Pessoas foram orientadas a evitar, sempre que possível, o deslocamento por transportes públicos até a concentração dos atos, reforçou-se a necessidade de distanciamento e o não compartilhamento de alimentos durante o ato, bem como o uso de álcool em gel e máscaras N95 ou PFF2. Nas principais capitais, movimentos e indivíduos distribuíram esses EPIs àqueles desprotegidos ou que usavam somente máscaras de pano.


Manifestante na Avenida Paulista, em São Paulo, segura cartaz que simboliza o óbvio: é genocídio. Foto: Street Memories Gallery/Mídia Ninja

E o ato foi uma derrota popular para o governo. A primeira em cerca de um ano. Desde o último sábado, está marcado que as ruas do Brasil já não são um monopólio dos neofascistas do senhor Jair. As manifestações ocuparam as avenidas e alamedas das capitais e metrópoles, e até mesmo nas cidades médias, consideradas bunkers bolsonaristas, como Blumenau e Brusque, em Santa Catarina, e Cametá, no Pará, ouviu-se o grito de “Fora Bolsonaro”.
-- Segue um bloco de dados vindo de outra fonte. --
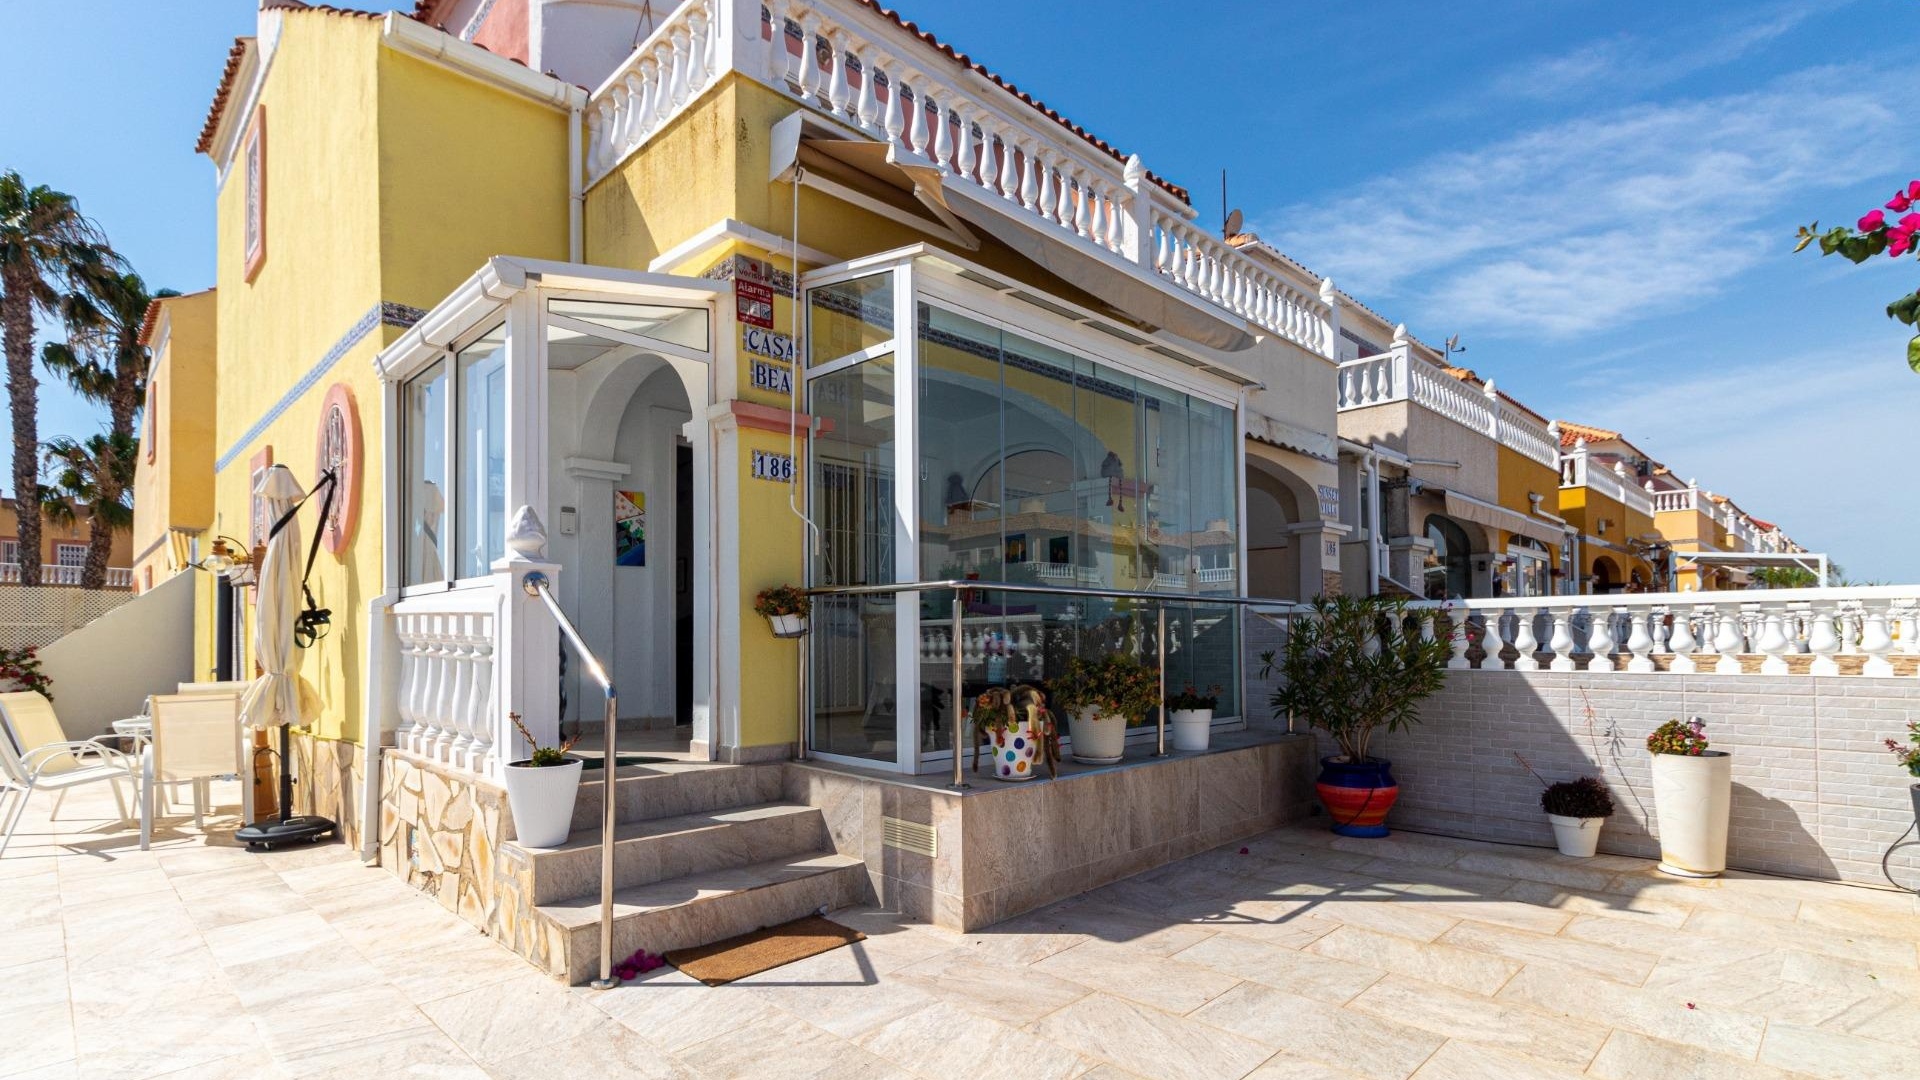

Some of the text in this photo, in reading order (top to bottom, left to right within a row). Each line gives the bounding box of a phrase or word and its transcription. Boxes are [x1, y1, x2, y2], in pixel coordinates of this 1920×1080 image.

Tudo foi muito significativo, sobretudo porque a insegurança ainda foi capaz de prender muitos em casa. Ou seja, o que já foi grande deixou a impressão de que poderia ter sido muito maior.

Ainda não é possível saber como e principalmente por quem o 29M será politicamente utilizado. A CPI do Genocídio no Senado Federal surge como candidata a ser a primeira a capitalizar com as mobilizações. Porque se um dos objetivos do ato é devolver a pulsão de vida a quem há um ano guarda a própria ação e se alimenta do desespero com a (des)condução da pandemia, é também uma resposta à pulsão de morte que paira o Brasil.

Para os senadores que apuram as óbvias responsabilidades do senhor Jair e sua trupe no morticínio de quase 500 mil brasileiros pela Covid-19, o povo nas ruas tem o simbolismo de um grito dado pela maioria que andava silenciosa. Um grito de “NÃO QUEREMOS MORRER”, seja pelo efeito da Covid, nos braços da fome ou na linha de tiro.

Outro campo político pronto para ganhar com a pressão das ruas é o “Centrão” – nome inventado pela imprensa para disfarçar o fato de que a banda podre do Congresso é de DIREITA. A queda vertiginosa na popularidade do governo e as centenas de milhares de pessoas pedindo seu impeachment nas ruas colocam cifrões nos olhos da presidência da Câmara dos Deputados e reajusta a tabela do preço a ser pago para ter apoio e proteção. Em português claro: a faixa presidencial está alguns milhões – bilhões talvez – de reais mais cara desde sábado.

Independentemente das nuances citadas, o importante é se manter atento para este novo e considerável fato que brotou do chão das ruas e das lutas. Não é prudente desprezar este nascedouro. As trevas não são eternas. Como certa vez escreveu Buarque de Holanda, até a calma dos lagos se zanga, a rosa-dos-ventos se dana e o leito dos rios se farta a caminho da amargura do mar. Mesmo as multidões em pânico e atônitas um dia despertam.

Fagner Torres é jornalista e produtor do podcast Lado B do Rio, em cujo site este texto foi originalmente publicado.